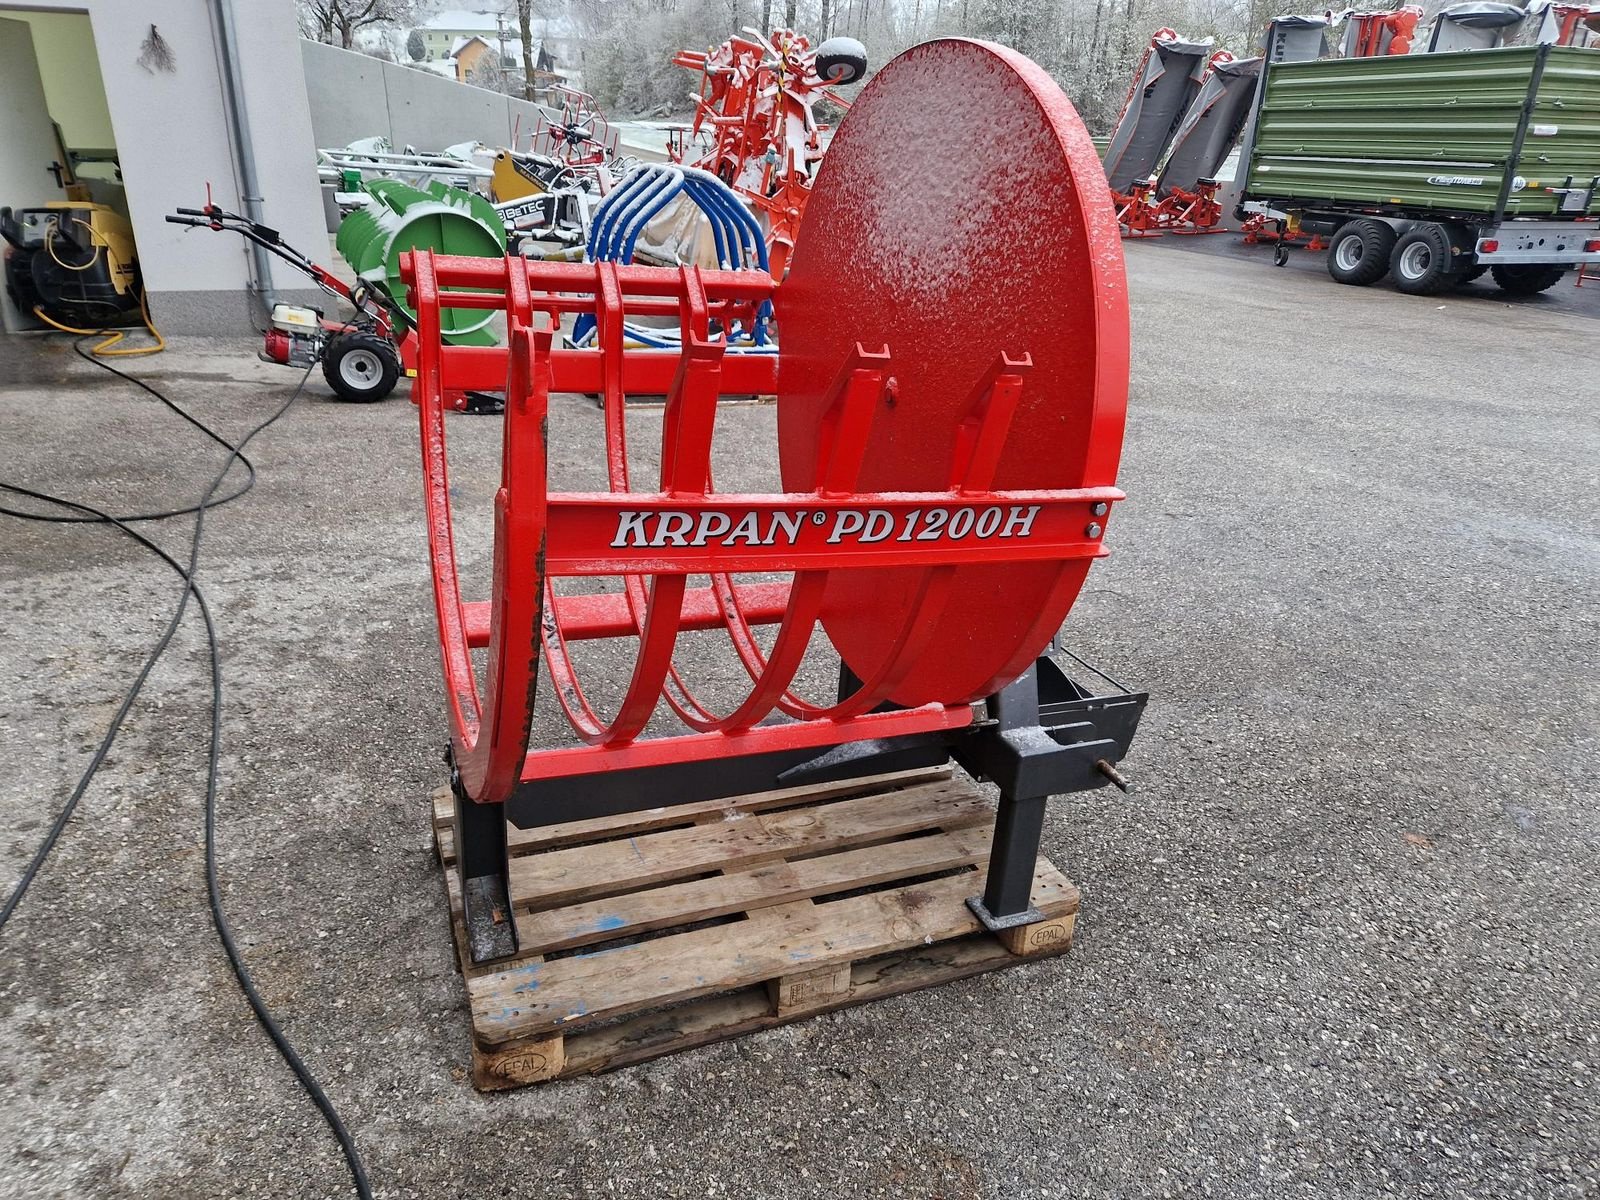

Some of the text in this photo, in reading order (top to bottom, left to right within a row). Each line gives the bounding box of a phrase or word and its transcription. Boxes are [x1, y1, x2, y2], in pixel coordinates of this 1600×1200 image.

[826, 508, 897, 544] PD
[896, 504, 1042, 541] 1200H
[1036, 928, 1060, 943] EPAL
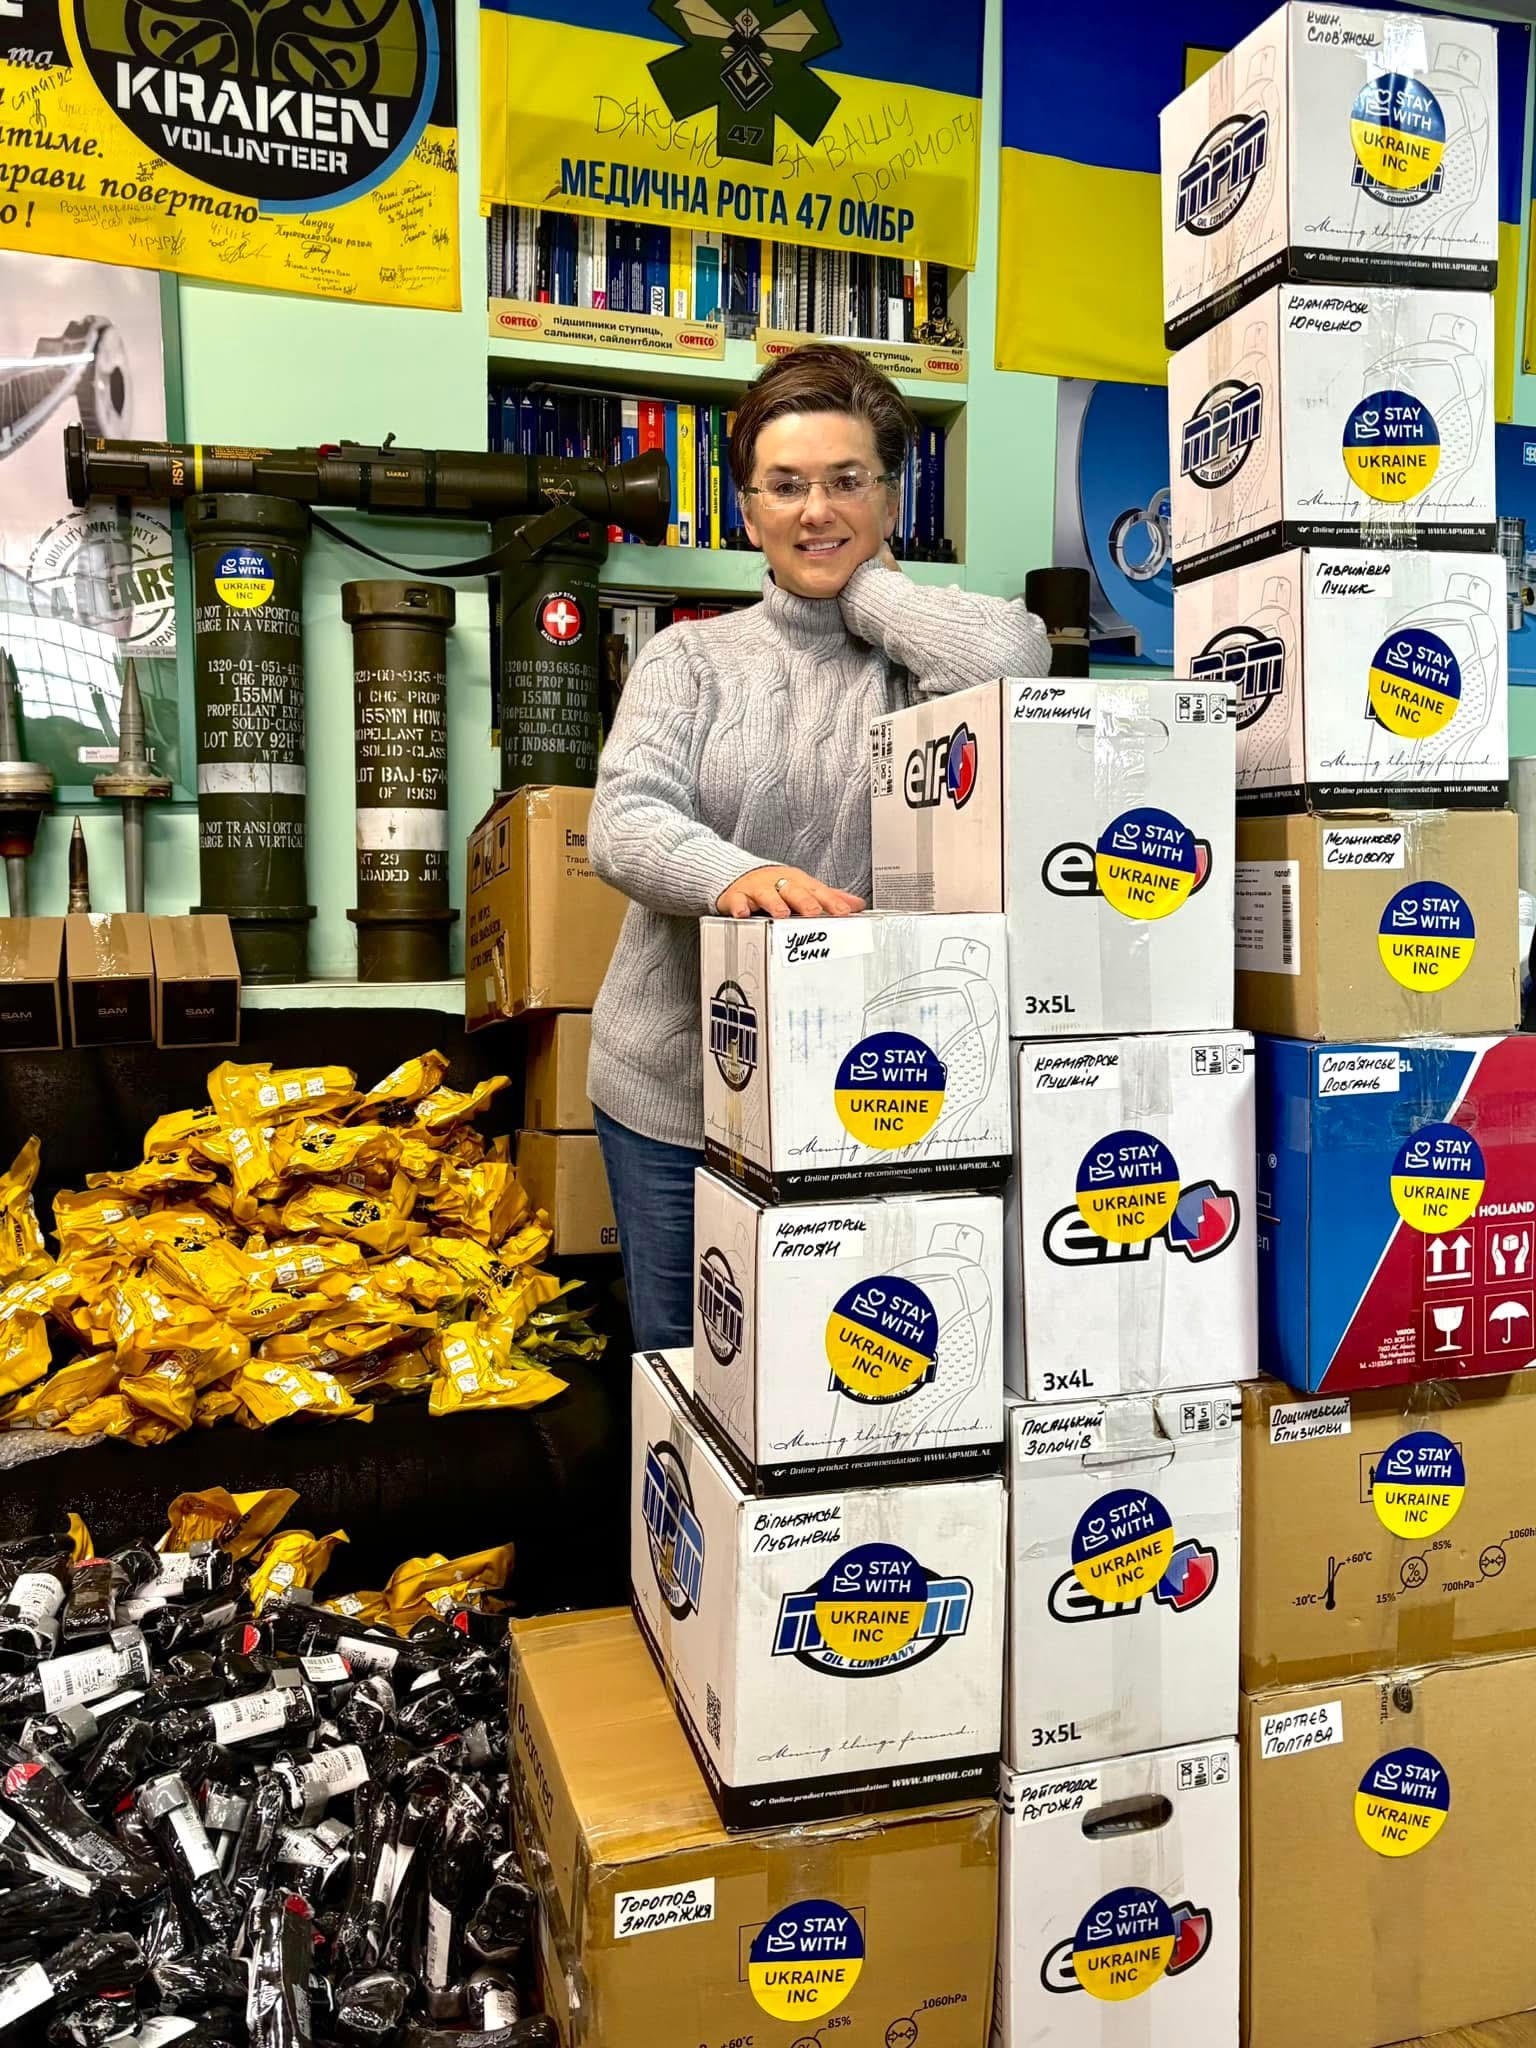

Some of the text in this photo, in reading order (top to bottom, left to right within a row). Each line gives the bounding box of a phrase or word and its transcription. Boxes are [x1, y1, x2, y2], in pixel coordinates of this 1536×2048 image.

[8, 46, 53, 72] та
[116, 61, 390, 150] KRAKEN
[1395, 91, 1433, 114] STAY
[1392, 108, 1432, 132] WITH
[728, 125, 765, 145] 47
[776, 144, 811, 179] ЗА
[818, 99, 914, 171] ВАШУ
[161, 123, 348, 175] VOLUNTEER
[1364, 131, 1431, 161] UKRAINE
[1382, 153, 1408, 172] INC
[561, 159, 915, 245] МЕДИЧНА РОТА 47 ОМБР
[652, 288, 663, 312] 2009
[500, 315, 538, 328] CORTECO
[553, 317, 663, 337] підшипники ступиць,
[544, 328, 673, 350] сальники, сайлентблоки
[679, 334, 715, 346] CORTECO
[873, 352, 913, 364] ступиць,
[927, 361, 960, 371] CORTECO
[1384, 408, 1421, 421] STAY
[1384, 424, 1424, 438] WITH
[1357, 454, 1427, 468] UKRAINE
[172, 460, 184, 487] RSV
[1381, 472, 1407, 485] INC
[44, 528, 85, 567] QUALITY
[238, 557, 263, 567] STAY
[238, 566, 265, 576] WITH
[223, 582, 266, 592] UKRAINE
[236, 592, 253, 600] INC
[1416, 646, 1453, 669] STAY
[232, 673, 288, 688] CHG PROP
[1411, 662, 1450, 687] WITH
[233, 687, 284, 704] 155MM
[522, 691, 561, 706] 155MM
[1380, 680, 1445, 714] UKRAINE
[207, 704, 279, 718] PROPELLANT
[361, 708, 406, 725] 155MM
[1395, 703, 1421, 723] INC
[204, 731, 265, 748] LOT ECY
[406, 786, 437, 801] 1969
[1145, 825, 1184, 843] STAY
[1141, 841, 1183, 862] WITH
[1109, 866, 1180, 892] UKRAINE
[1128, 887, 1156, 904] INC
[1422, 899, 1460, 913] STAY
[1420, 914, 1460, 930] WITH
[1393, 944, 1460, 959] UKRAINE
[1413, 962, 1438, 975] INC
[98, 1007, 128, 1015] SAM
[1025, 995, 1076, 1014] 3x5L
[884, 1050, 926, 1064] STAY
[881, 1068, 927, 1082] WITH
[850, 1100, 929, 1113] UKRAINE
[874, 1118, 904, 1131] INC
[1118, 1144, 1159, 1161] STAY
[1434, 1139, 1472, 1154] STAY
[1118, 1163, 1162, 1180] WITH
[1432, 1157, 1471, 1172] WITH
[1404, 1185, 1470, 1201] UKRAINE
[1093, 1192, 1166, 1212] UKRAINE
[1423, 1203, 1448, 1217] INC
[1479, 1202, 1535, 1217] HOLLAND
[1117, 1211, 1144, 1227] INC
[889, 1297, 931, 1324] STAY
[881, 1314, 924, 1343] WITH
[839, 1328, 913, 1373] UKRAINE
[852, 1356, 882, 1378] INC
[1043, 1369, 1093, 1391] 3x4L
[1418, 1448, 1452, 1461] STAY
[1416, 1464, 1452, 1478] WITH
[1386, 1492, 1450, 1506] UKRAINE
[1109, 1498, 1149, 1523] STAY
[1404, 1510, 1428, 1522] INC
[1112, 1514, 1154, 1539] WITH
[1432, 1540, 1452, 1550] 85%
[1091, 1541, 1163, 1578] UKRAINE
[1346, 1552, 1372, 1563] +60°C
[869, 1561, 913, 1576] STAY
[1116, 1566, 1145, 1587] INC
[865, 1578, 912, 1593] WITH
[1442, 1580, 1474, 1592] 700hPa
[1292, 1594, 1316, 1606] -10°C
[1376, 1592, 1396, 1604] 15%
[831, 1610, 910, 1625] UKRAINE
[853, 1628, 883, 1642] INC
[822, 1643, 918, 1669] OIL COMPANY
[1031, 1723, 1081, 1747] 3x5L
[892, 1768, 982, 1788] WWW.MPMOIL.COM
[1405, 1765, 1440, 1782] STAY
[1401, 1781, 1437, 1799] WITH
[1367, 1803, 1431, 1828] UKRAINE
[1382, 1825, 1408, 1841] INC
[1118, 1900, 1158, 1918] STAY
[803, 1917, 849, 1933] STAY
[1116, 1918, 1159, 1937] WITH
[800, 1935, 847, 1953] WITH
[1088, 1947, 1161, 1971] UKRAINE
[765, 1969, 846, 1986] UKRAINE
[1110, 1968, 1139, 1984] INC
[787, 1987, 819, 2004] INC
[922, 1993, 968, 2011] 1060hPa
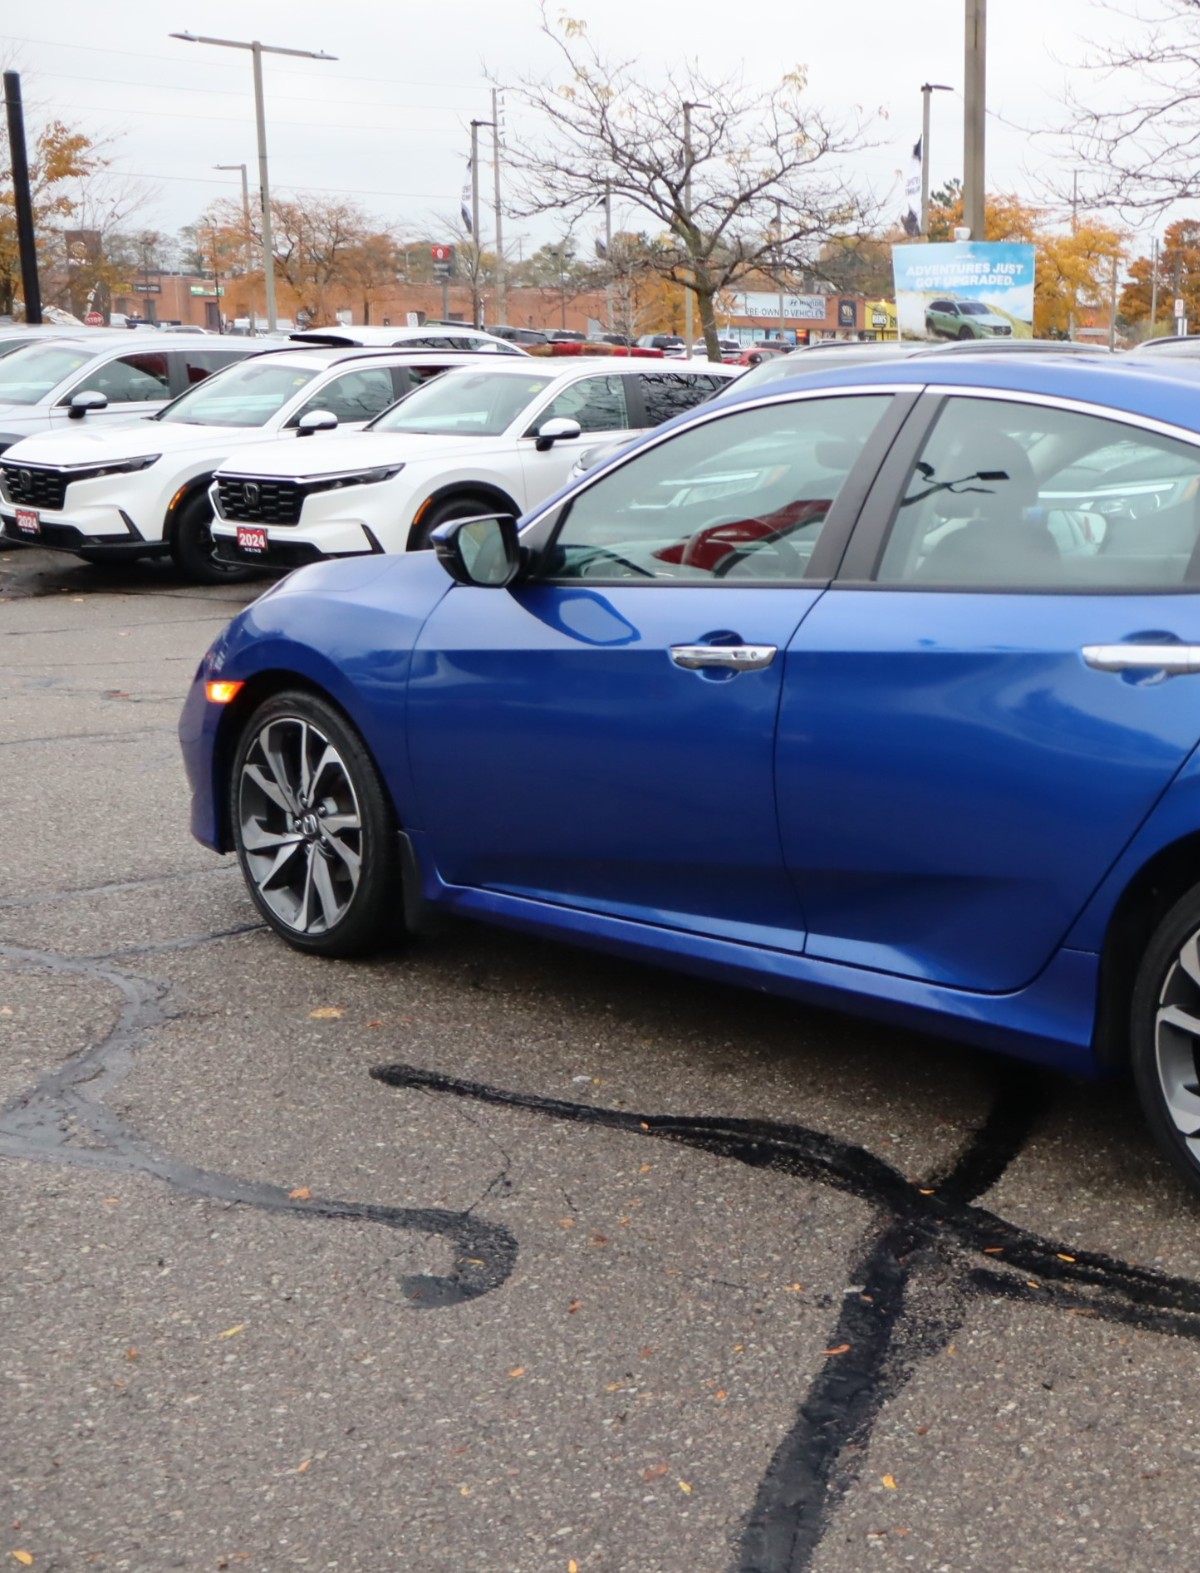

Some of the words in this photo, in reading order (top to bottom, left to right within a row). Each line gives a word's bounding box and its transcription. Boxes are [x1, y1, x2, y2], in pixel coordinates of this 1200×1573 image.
——————————
* Your assignment *
Could you retype each line of the material above exactly, skipping the pictures?

* Exercise output *
Some of the text in this photo, in reading order (top to bottom, left to right within a row). Each line gives the bounding box of a phrase or word and its transcription. Boxes are [x1, y1, x2, y2], in pixel coordinates of this 1600×1200 image.

[826, 508, 897, 544] PD
[896, 504, 1042, 541] 1200H
[1036, 928, 1060, 943] EPAL

Some of the text in this photo, in reading order (top to bottom, left to right within a row). Each line gives the bounding box of a phrase or word and its transcription. Boxes are [x1, y1, x2, y2], in pixel coordinates of this 1536×2048 image.

[8, 46, 53, 72] та
[116, 61, 390, 150] KRAKEN
[1395, 91, 1433, 114] STAY
[1392, 108, 1432, 132] WITH
[728, 125, 765, 145] 47
[776, 144, 811, 179] ЗА
[818, 99, 914, 171] ВАШУ
[161, 123, 348, 175] VOLUNTEER
[1364, 131, 1431, 161] UKRAINE
[1382, 153, 1408, 172] INC
[561, 159, 915, 245] МЕДИЧНА РОТА 47 ОМБР
[652, 288, 663, 312] 2009
[500, 315, 538, 328] CORTECO
[553, 317, 663, 337] підшипники ступиць,
[544, 328, 673, 350] сальники, сайлентблоки
[679, 334, 715, 346] CORTECO
[873, 352, 913, 364] ступиць,
[927, 361, 960, 371] CORTECO
[1384, 408, 1421, 421] STAY
[1384, 424, 1424, 438] WITH
[1357, 454, 1427, 468] UKRAINE
[172, 460, 184, 487] RSV
[1381, 472, 1407, 485] INC
[44, 528, 85, 567] QUALITY
[238, 557, 263, 567] STAY
[238, 566, 265, 576] WITH
[223, 582, 266, 592] UKRAINE
[236, 592, 253, 600] INC
[1416, 646, 1453, 669] STAY
[232, 673, 288, 688] CHG PROP
[1411, 662, 1450, 687] WITH
[233, 687, 284, 704] 155MM
[522, 691, 561, 706] 155MM
[1380, 680, 1445, 714] UKRAINE
[207, 704, 279, 718] PROPELLANT
[361, 708, 406, 725] 155MM
[1395, 703, 1421, 723] INC
[204, 731, 265, 748] LOT ECY
[406, 786, 437, 801] 1969
[1145, 825, 1184, 843] STAY
[1141, 841, 1183, 862] WITH
[1109, 866, 1180, 892] UKRAINE
[1128, 887, 1156, 904] INC
[1422, 899, 1460, 913] STAY
[1420, 914, 1460, 930] WITH
[1393, 944, 1460, 959] UKRAINE
[1413, 962, 1438, 975] INC
[98, 1007, 128, 1015] SAM
[1025, 995, 1076, 1014] 3x5L
[884, 1050, 926, 1064] STAY
[881, 1068, 927, 1082] WITH
[850, 1100, 929, 1113] UKRAINE
[874, 1118, 904, 1131] INC
[1118, 1144, 1159, 1161] STAY
[1434, 1139, 1472, 1154] STAY
[1118, 1163, 1162, 1180] WITH
[1432, 1157, 1471, 1172] WITH
[1404, 1185, 1470, 1201] UKRAINE
[1093, 1192, 1166, 1212] UKRAINE
[1423, 1203, 1448, 1217] INC
[1479, 1202, 1535, 1217] HOLLAND
[1117, 1211, 1144, 1227] INC
[889, 1297, 931, 1324] STAY
[881, 1314, 924, 1343] WITH
[839, 1328, 913, 1373] UKRAINE
[852, 1356, 882, 1378] INC
[1043, 1369, 1093, 1391] 3x4L
[1418, 1448, 1452, 1461] STAY
[1416, 1464, 1452, 1478] WITH
[1386, 1492, 1450, 1506] UKRAINE
[1109, 1498, 1149, 1523] STAY
[1404, 1510, 1428, 1522] INC
[1112, 1514, 1154, 1539] WITH
[1432, 1540, 1452, 1550] 85%
[1091, 1541, 1163, 1578] UKRAINE
[1346, 1552, 1372, 1563] +60°C
[869, 1561, 913, 1576] STAY
[1116, 1566, 1145, 1587] INC
[865, 1578, 912, 1593] WITH
[1442, 1580, 1474, 1592] 700hPa
[1292, 1594, 1316, 1606] -10°C
[1376, 1592, 1396, 1604] 15%
[831, 1610, 910, 1625] UKRAINE
[853, 1628, 883, 1642] INC
[822, 1643, 918, 1669] OIL COMPANY
[1031, 1723, 1081, 1747] 3x5L
[892, 1768, 982, 1788] WWW.MPMOIL.COM
[1405, 1765, 1440, 1782] STAY
[1401, 1781, 1437, 1799] WITH
[1367, 1803, 1431, 1828] UKRAINE
[1382, 1825, 1408, 1841] INC
[1118, 1900, 1158, 1918] STAY
[803, 1917, 849, 1933] STAY
[1116, 1918, 1159, 1937] WITH
[800, 1935, 847, 1953] WITH
[1088, 1947, 1161, 1971] UKRAINE
[765, 1969, 846, 1986] UKRAINE
[1110, 1968, 1139, 1984] INC
[787, 1987, 819, 2004] INC
[922, 1993, 968, 2011] 1060hPa

Some of the words in this photo, in reading order (top to bottom, left to right within a row). Each line gives a word's bounding box and its transcription. Boxes are [x1, y1, x2, y2], in pixel coordinates of this 1200×1573 image.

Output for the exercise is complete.